Ici, il s’agit d’examiner les rapports entre la pensée et le langage d’une part et ses
rapports avec la réalité environnante d’autre part. Les rapports entre la pensée et le
langage sont d’habitude posés en termes d’antériorité de l’un par rapport à l’autre. Est-
ce le langage qui précède la pensée ou le contraire ? Logiquement, c’est la pensée qui
précède le langage : nos paroles sont l’extériorisation, l’expression de la pensée, de nos
idées. Il nous arrive même de chercher les mots pour exprimer une pensée déjà faite,
déjà construite. Mais il n’en est rien, la pensée ne vient pas avant le langage. En effet, dès
qu’on pense, on parle, car on ne peut penser qu’avec les mots comme l’écrit Oscar Wilde
« nos pensées naissent toutes habillées ». Plutô t qu’un rapport d’antériorité, langage et
pensée entretiennent un rapport de simultanéité dans le processus de leur élaboration.
Pour Hegel, « c’est dans les mots que nous pensons », c’est à dire que nous formulons nos
idées avec les mots. La pensée serait même une sorte de langage intérieur, c’est « le
dialogue silencieux de l’âme avec elle-même ».

V- LE LANGAGE ET LE REEL
Une rupture peut cependant s’établir entre la pensée et le langage.
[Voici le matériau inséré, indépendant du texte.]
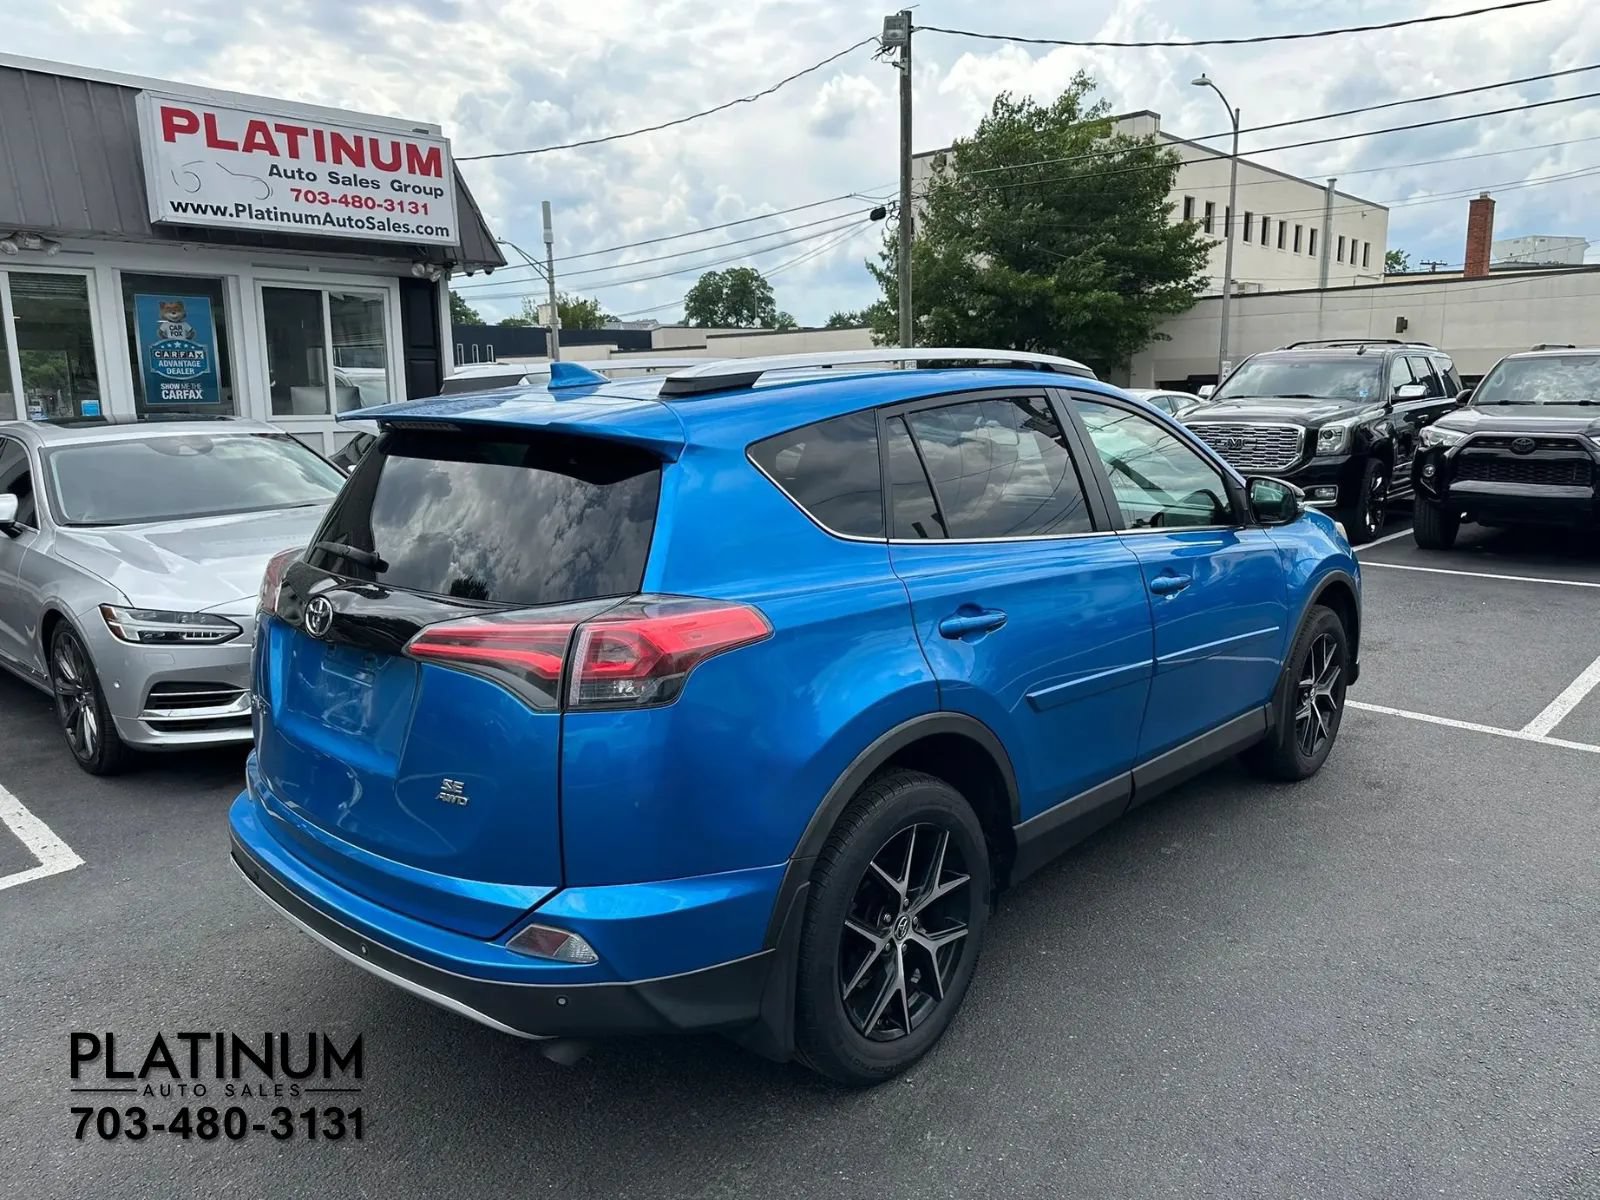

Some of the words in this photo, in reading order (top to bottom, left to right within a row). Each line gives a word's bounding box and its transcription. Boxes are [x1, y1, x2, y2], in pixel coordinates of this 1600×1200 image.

[160, 105, 443, 178] PLATINUM
[268, 163, 317, 182] Auto
[328, 171, 381, 190] Sales
[390, 179, 444, 198] Group
[290, 187, 429, 216] 703-480-3131
[170, 200, 449, 237] www.PlatinumAutoSales.com
[154, 350, 204, 359] CARFAX
[161, 389, 203, 400] CARFAX
[1214, 436, 1258, 450] GMC
[441, 778, 464, 793] SE
[435, 792, 468, 806] AWD
Dans le lapsus et le
délire, le langage est séparé de la pensée. Il arrive aussi que ce que nous disons ne
traduit pas fidèlement la pensée. C’est pourquoi on dit souvent que le langage est
infidèle à la pensée puisque incapable de traduire exactement nos pensées, nos
sentiments, nos émotions etc. Parfois, quand la personne est sous l’effet d’une colère
excessive ou d’une joie débordante, elle a du mal à exprimer ses sentiments. Le langage
présente des limites et c’est pourquoi il peut manquer royalement la réalité ou même la
masquer. Il lui arrive même assez souvent d’être incapable d’exprimer des émotions et
la personne se tait tout bonnement parce qu’elle entre dans l’univers de l’ineffable, de ce
qui ne peut être dit, faute de mots adéquats. C’est à ce titre que Ludwig Wittgenstein
disait : « Ce qu’on ne peut dire, il faut le taire ».
Mais selon Hegel, il est faux de dire que le langage est inapte à traduire nos pensées. A
l’en croire, une pensée qui ne trouve pas son mot n’est pas encore arrivée à maturité,
elle est une pensée « à l’état de fermentation » et trouvera forcément son mot lorsqu’elle
sera mû re. Hegel critique ainsi l’ineffable ; pour lui, tout peut se dire, car tout a un mot. Il
affirme que c’est seulement dans et par le langage que la pensée peut se réaliser. Dès
lors, on peut comprendre Boileau qui disait : « Ce qui se conçoit bien, s’annonce
clairement et les mots pour le dire viennent aisément ».

Conclusion
Le langage a toujours intéressé la philosophie et il doit être l’affaire de tous, surtout des
philosophes. C’est pourquoi Alain a dit : « Celui qui n’a jamais réfléchi sur le langage n’a
pas encore vraiment commencé à philosopher ». Le linguiste Roman Jakobson, dans ses
Essais de linguistique générale démontre que la plupart des actes de langage mettent en
œuvre 6 facteurs : un émetteur (ou locuteur / destinateur) qui transmet un message à
un récepteur (ou destinataire) dans un contexte, selon un code qui est commun à
l’émetteur et au récepteur et par le biais d’un canal (ou contact) qui établit et maintient
la communication (la parole ou l’écrit).
L’étude des langues a considérablement progressé avec l’avènement de la linguistique.
Cette discipline connaîtra son essor avec Ferdinand de Saussure. Ce dernier considère la
langue comme un ensemble, un système de signes (mots). Le signe linguistique est
constitué de deux parties : le signifiant et le signifié. Le signifiant est la partie sonore,
alors que le signifié est l’idée, le concept auquel renvoie le signifiant. Ferdinand de
Saussure dit que le rapport signifiant-signifié est arbitraire et c’est ce qui explique le
caractère conventionnel des langues.

Rappelons enfin que le langage est à la fois animal et humain. Dans le langage humain,
chaque locuteur a un niveau de langage et de vocabulaire en rapport avec ses
préoccupations personnelles, ses intérêts, sa vie professionnelle, comme l’écrit
Wittgenstein : « Les limites de mon langage sont les limites de mon monde ».